Impaired clearance of methotrexate in organic anion transporter 3 (Slc22a8) knockout mice: a gender specific impact of reduced folates.

Pharm Res

Department of Pharmaceutical Sciences, Medical University of South Carolina, 280 Calhoun Street Rm. QE218, PO Box 250140, Charleston, South Carolina 29425, USA.

Published: February 2008

Purpose: To elucidate the role of the renal basolateral transporter, Oat3, in the disposition of methotrexate.

Materials And Methods: Chinese hamster ovary cells expressing mouse Oat3 were used to determine kinetics and specificity of inhibition of methotrexate transport. Methotrexate clearance was then examined in vivo in wildtype and Oat3 knockout mice.

Results: NSAIDs, beta-lactams, and uremic toxins inhibited mOat3-mediated methotrexate uptake by 70-100%, while folate, leucovorin, and 5-methyltetrahydrofolate inhibited transport by 25-50%. A Km of 60.6 +/- 9.3 microM for methotrexate transport was determined.

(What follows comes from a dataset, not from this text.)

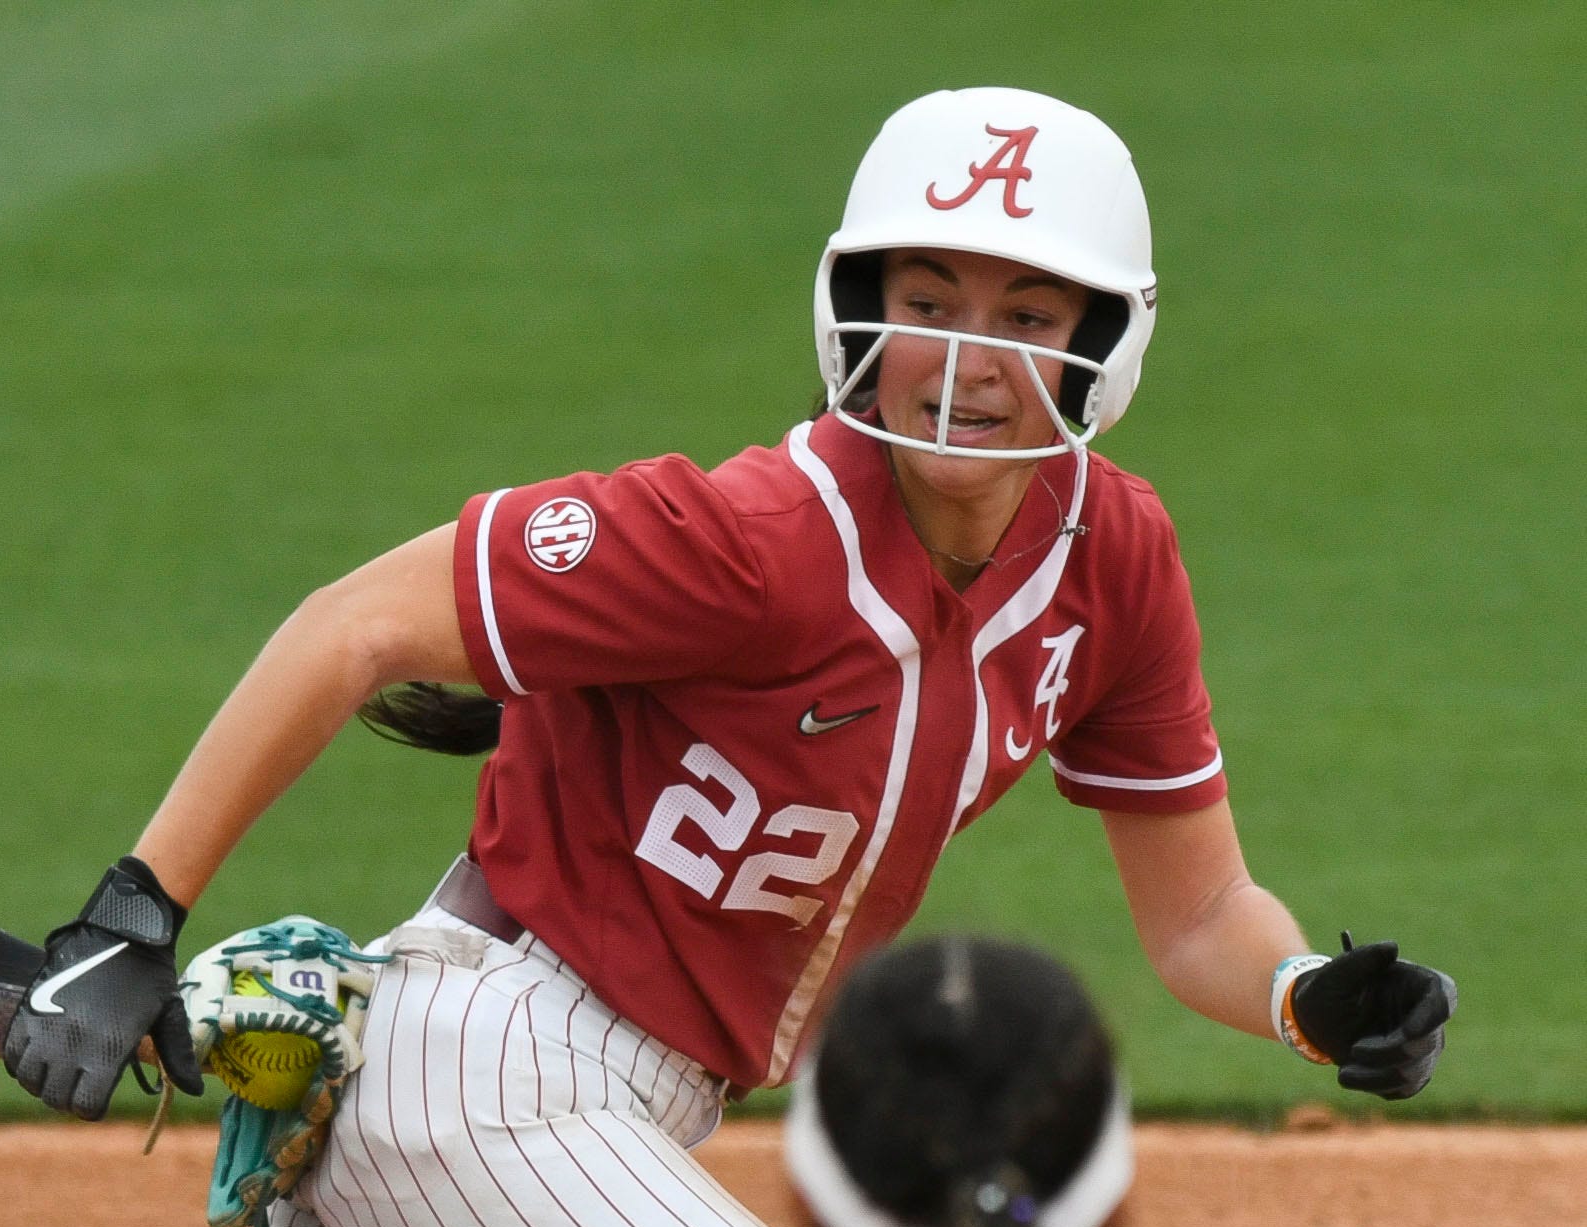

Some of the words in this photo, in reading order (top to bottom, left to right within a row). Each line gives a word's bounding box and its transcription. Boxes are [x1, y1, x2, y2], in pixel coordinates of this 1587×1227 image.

Oat3 knockout mice exhibited reduced methotrexate-to-inulin clearance ratios versus wildtype. Male wildtype mice, but not knockouts or females, demonstrated significantly accelerated methotrexate clearance in response to reduced folates. Reduced folates also markedly inhibited hepatic methotrexate accumulation in males, but not females, and the response was independent of Oat3 function.

Conclusions: Oat3 contributes to methotrexate clearance, but represents only one component responsible for methotrexate's elimination. Therefore, in patients, dysfunctional hOAT3 polymorphisms or drug competition for hOAT3 transport may severely impact methotrexate elimination only when redundant means of methotrexate removal are also compromised. Furthermore, the present findings suggest that reduced-folate administration only influences methotrexate disposition in males, with the renal reduced-folate response influenced by OAT3 function.